The first one is titled Principles
of Service Design: Service Patterns and Anti-Patterns
and in my opinion
should be required reading for anyone who is new to web service development.
Specifically, anyone new to building web services should focus on his
explanation of the 4 tenets of service orientation, and the anti-patterns - this
is good stuff - but if you've been staying up to date on web service
architecture and development, you won't read much you haven't read/heard before.
If you think you're pretty up-to-speed on web services, just breeze through
those parts and check out the patterns - they tend to be more specialized.

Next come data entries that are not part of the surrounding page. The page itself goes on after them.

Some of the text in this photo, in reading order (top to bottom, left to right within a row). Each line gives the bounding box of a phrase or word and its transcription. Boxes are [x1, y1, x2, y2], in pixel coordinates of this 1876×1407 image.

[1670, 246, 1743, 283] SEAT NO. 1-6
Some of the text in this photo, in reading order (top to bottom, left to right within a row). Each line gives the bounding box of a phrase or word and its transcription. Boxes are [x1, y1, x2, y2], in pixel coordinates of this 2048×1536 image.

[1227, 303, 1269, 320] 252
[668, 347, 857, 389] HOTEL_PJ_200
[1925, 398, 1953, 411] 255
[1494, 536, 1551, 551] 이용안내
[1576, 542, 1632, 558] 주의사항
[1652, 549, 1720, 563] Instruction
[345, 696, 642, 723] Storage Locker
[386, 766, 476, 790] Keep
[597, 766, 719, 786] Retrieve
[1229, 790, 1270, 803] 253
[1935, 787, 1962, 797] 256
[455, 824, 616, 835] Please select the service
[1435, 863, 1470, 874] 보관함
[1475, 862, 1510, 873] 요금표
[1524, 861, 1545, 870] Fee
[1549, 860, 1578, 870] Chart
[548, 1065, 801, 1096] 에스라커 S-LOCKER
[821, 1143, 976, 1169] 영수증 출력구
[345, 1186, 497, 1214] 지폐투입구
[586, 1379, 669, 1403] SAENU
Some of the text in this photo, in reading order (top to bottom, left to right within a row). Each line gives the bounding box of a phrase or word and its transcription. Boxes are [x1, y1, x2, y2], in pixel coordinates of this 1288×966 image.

The second article is titled Principles
of Service Design: Service Versioning
. This article was of particular
intereste to me since I've done quite a lot of thinking about the right approach
to versioning web services. If you haven't thought much about how you're going
to version your services, definitely check out this article. John does a good
job of getting you up to speed on the issues quickly - this is a difficult
problem to solve in an elegant way.

This is something you might not pick up on while reading the article. Notice
how John does not consider the use of strings or XML nodes an option for message
versioning. He doesn't consider this because it's not recommended. Coupling is
not loose or tight - there are varying degrees of it. Typing web service
messages as strings is too loose, but not providing an extension mechanism or
open content model is too tight. John is recommending a nice balance.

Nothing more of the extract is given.